I want to thank all my district and county councillors, and indeed all my parish and town councillors, for their work. I spent eight years as a district councillor—I stood down the day I entered this place—and I think it essential that local government be well represented on both sides of the House. I also thank the ministerial team for listening to the lobbying and the concerns raised by me and my colleagues from East Sussex, which is to receive an extra 2.5%. We are also in the business rates retention pilot, which will mean a great deal to us.

We have a big challenge in East Sussex, although, in a way, it is a wonderful challenge. Some 28% of my constituents are over 65; the national average is 17%. A lot of people move to East Sussex to retire—for its great quality of life—but the difficulty is that they tend to downsize and live in smaller houses, meaning that they require social care but do not pay as much council tax as people in counties such as Surrey.

If we are to reform social care, we must ask ourselves whether we want a state system, meaning that there is no postcode lottery as everything is funded equally through the NHS, or whether we go for more radical reform. In East Sussex, we cannot carry on as we are, going to Ministers each year and asking for more. They usually give more, for which I am grateful, but it feels hand to mouth to many of our councillors, who want longer-term certainty.

Social care has gone from a third of East Sussex County Council’s budget to 75%. We are not fixing holes in the road, because we are fixing people—or doing our best to. That should be our priority, but we need more if we are to be a success. We know that nationally, social care funding will need an additional £12 billion by 2030. If we continue as we are without reform, there will be a £6 billion hole.
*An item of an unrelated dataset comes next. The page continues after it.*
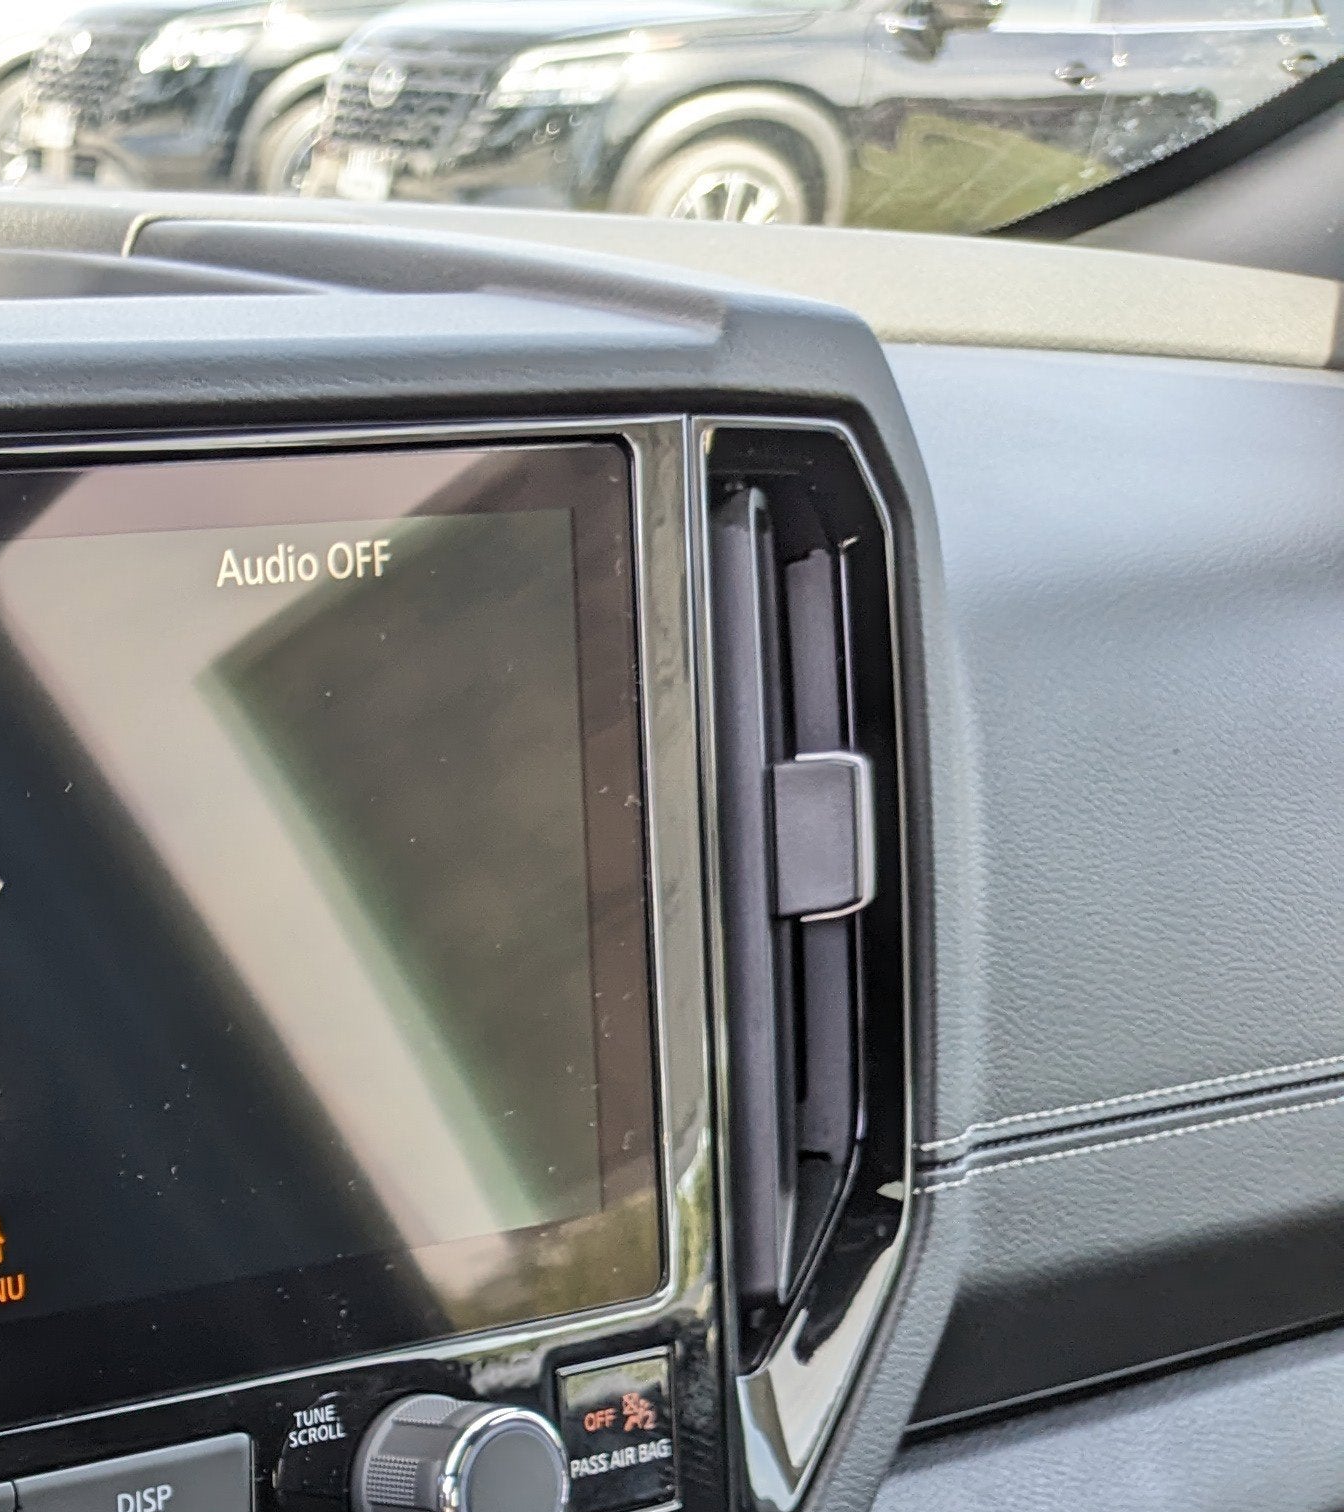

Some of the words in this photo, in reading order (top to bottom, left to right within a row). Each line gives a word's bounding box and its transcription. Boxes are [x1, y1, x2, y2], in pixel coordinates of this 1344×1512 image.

I hope that everyone in this place agrees that we will need more money and more reform.

In the last 20 years, we have had 12 Government papers, from both Labour and Conservative Governments, and five independent commissions, but we still have not had the reform we need. Surely it is in the gift of this place, where there is no real Government majority, for MPs to work together cross-party to deliver. We must have no more calling reform a death tax, as the Conservative party did, and no more calling it a dementia tax, as the Opposition did. We must work together now to find a solution. I am willing to do that, and I hope that others are as well.

I want to look at countries that have introduced reform. In Japan, where there was no state funding for social care until 2000—when it was recognised that there was a problem—over-40s pay an additional amount in their pay packets, but of course they started with a blank page. It is to Germany that we should look, however, as my hon. Friend the Member for Thirsk and Malton (Kevin Hollinrake) rightly said. Its plan, introduced in 1994—he says 1995—was delivered with political consensus and has been a great success. People in work pay half, employers pay the other half, and the retired pay the full amount, which brings in the element of inter- generational fairness. The contribution rate is 2.5% of wages, payable to a ceiling, with those without children paying more. To take out £283 per month, or a maximum of £1,784, changes lives. The system has been reformed, too, as impairments have developed. It used to be based more on physical need; now it is based more on dementia and the mental side.

Long-term care is a social risk that requires social protection. Surely we can all come together and make that happen.